Where actual bitterness results from your software are most important is in the low to mid bitterness level beers. It is in these beers that we can tell more easily if a beer is under or over hopped. Mega hopped beers to a large degree are far less affected by small variations in the IBU's returned by either formula.

One point to remember is that the beer is as bitter as the beer is so if I use Tinseth or Raeger and brew a 1.050 beer and use 30 gms of hops it will always give you whatever [in real bitterness] "X" ibu's in the beer from those hops even if one formula says 30 ibus and the other says 35 ibu's. 30 grams of hops is going to give a particular ibu level independent of the formula used. The most important thing is to stick with one formula and don't chop and change.

Your final "lab test" is your tongue or the tongues of friends or judges if you enter competitions. If you have very poor perception of bitterness requirements for differing styles of beers or you are new to home brewing stick with the formula and utilisation BeerSmith provides until you have a good handle on how hops work in a beer. To educate your tongue find a medium to low bittered beer on the commercial market that states the ibu level and brew a beer with ibus as close as you can get to that. It should teach you that commercial beers are often not as bitter tasting as you think for the ibu's stated and that home brewers very often over bitter their beer by quite a significant margin compared to a commercial counterpart. BeerSmith is a very professional piece of software because it doesn't assume all systems are the same. In your equipment settings you can alter the hop utilisation of your system to match your perception of bitterness regardless of the formula you use. Examine a beer you have already brewed. The Hop utilisation factor is a percentage increase or decrease you can set. If your beer is too bitter increase the utilisation % but don't alter the amount of hops you used in that beer and then observe the ibus returned by the software. Repeat the changes until the ibus returned are about your bitterness perceptions. This is a quite subjective but eventually you will nail it down for your system. Use the new utilisation % for the next brew. You will notice that you use more or less hops depending on how you altered the utilisation %. Fine tune over a couple of brews and soon you will have your system giving you more accurate to your palate hop bitterness levels.

There is a very basic issue with bitterness in that many people don't account for a change in AA% for the new bag of hops they have purchased and they are often very slap dash in weighing the hops. Spend the money and get a very accurate set of scales. I don't use ounces but my scales measure accurately in 1/10 of a gram. No big deal for low alpha hops but if you are using some of the newer 15 -17% AA hops small errors in a low to mid bittered beer will cause you much grief.
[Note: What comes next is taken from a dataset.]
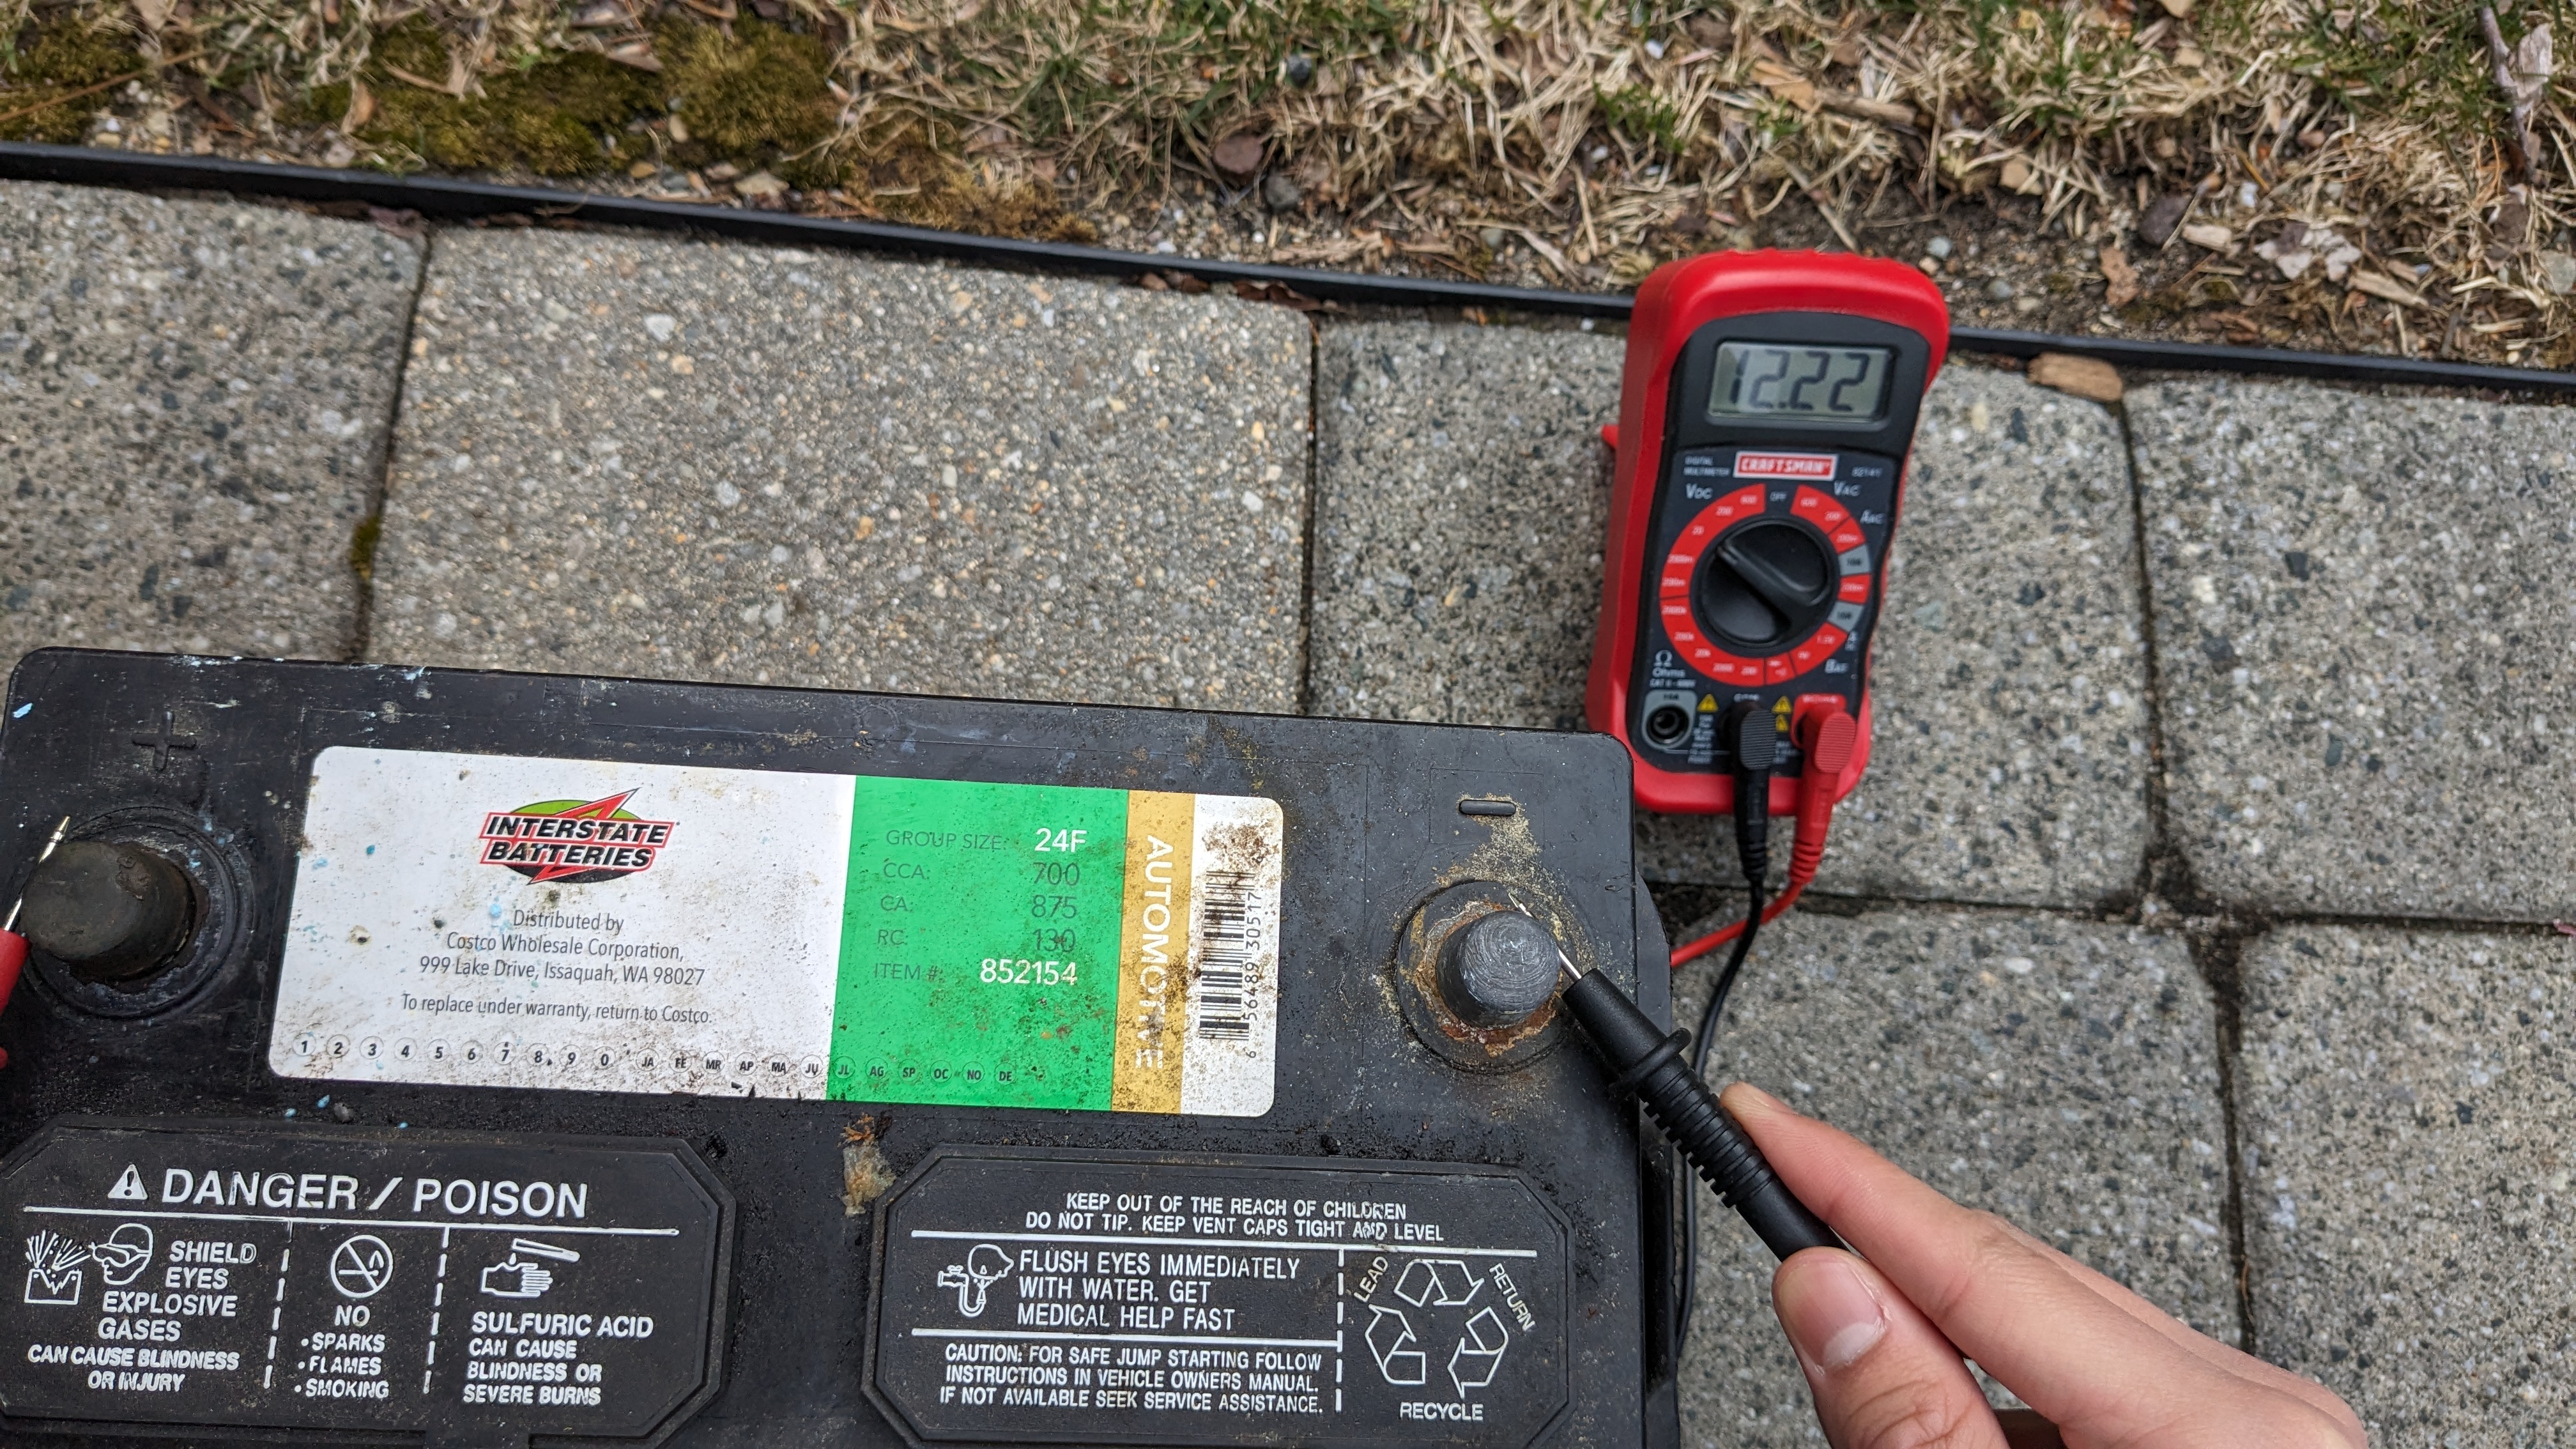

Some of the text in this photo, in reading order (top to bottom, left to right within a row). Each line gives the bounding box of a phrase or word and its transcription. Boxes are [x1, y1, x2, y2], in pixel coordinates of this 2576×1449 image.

As an example I changed pots about 8 years ago and started using a high output gas burner compared to an electric heat wand and my next couple of beers were too bitter [by to my taste about 10% at least] compared to those brewed previously. BeerSmith allowed me to adjust the hop utilisation percentage and my next beer was very close to what I perceived the bitterness to be.

If you are fine tuning your system only change one thing at a time and keep reasonable records of what you have done.

BeerSmith is a superb tool for brewing and in reality does just about everything for you. It does require you to know your system and give it accurate data though.